Mount Setong or Mount Stong (Malay: Gunung Setong or Gunung Stong) is a mountain located in Dabong, southern Kuala Krai District, Kelantan, Malaysia. It is situated approximately 300 km (186 mi) from Kota Bharu, the state capital. While it stands within Kuala Krai, it is also relatively closer to Gua Musang district.

The 1,422-metre-high mountain is a popular location for mountain climbers for its rough and challenging treks.
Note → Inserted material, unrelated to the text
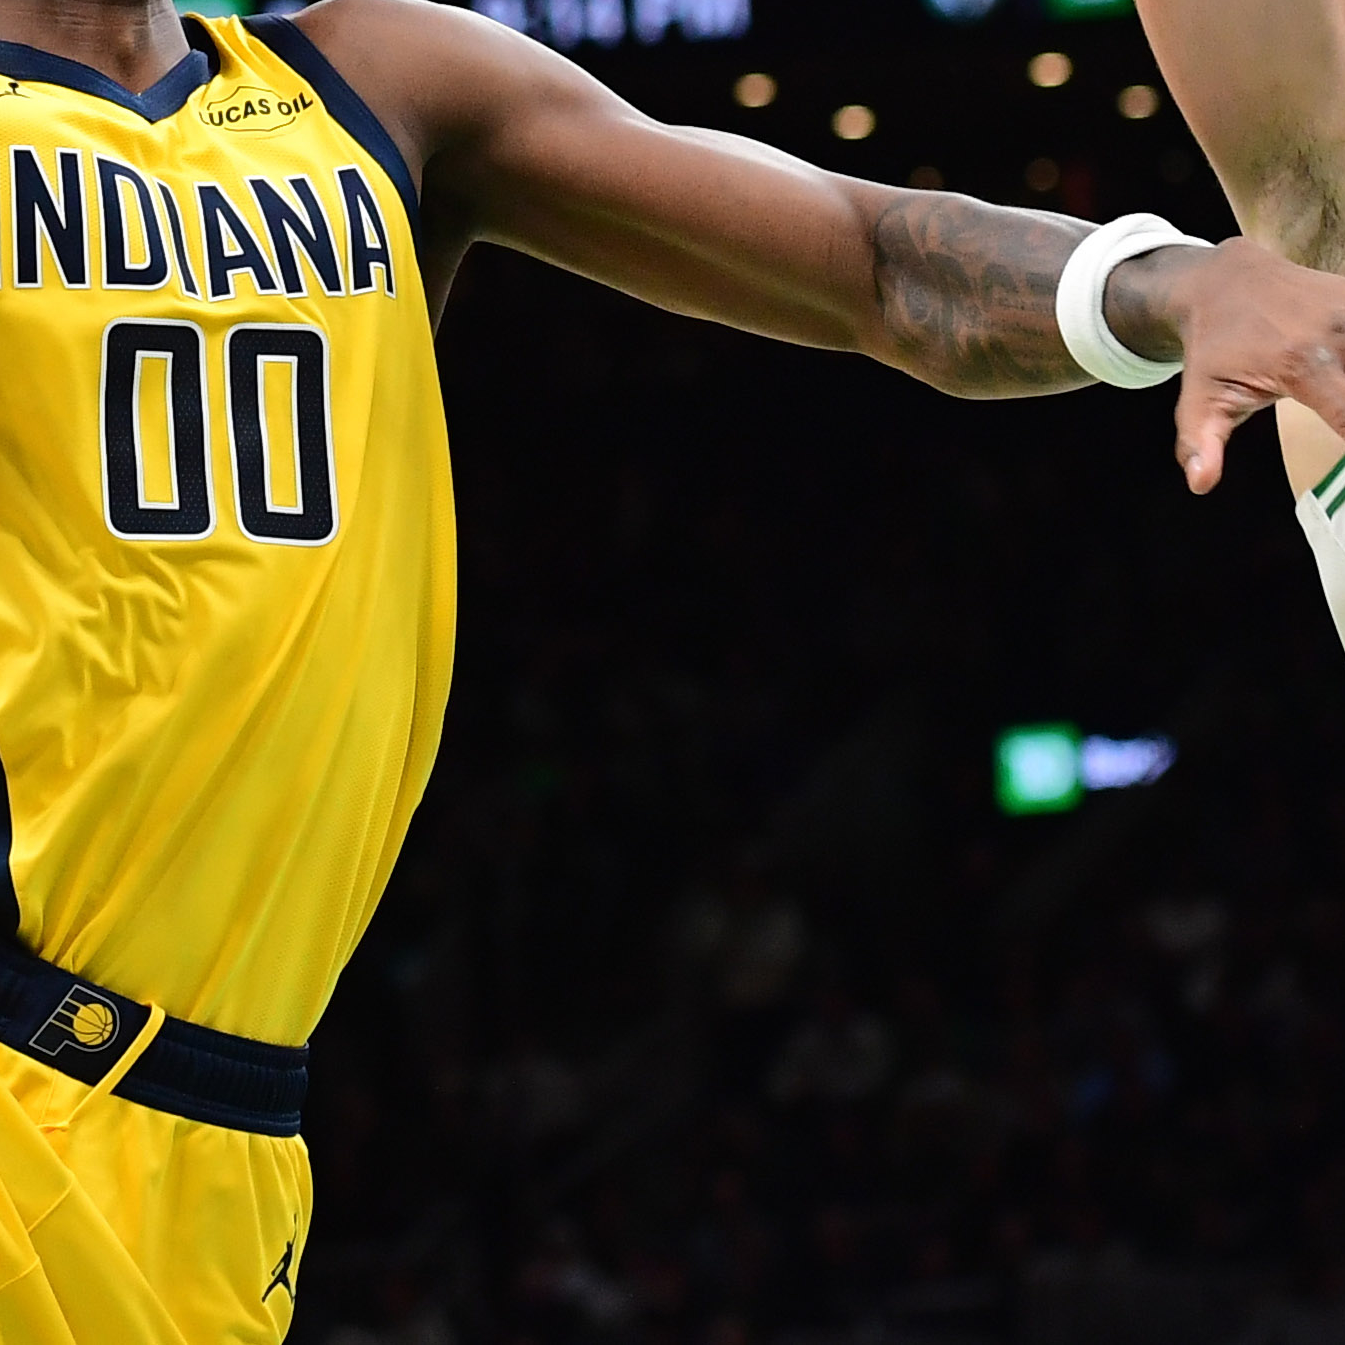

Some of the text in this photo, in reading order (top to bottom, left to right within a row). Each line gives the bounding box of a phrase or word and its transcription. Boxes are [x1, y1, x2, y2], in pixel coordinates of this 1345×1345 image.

[207, 91, 314, 127] UCAS OIL
[100, 317, 340, 546] 00
== Geography and ecology ==
Mount Setong is located within a massif in the northern part of the Titiwangsa Mountains. It is surrounded by several other peaks, namely Mts. Basor, Ayam, Baha, Anak Noring and Chamah. The area around Mount Setong, including Gunung Setong State Park, provides a vital habitat for Malayan tigers, a protected endangered subspecies of tiger in the country.

===Forest profile===
The mountain features hill dipterocarp, upper dipterocarp and montane forests, as the elevation gradually increases. There is an abundance of flora containing beneficial and medicinal properties that can be obtained within these forests.

== Special features ==
The mountain and its vicinities are part of the larger Gunung Stong State Park and Geopark, which is nationally hailed as a famed ecotourism within Kelantan. In addition, within the park's grounds are the 303-metre-high Jelawang Falls, which boast one of the highest waterfall drops in Southeast Asia.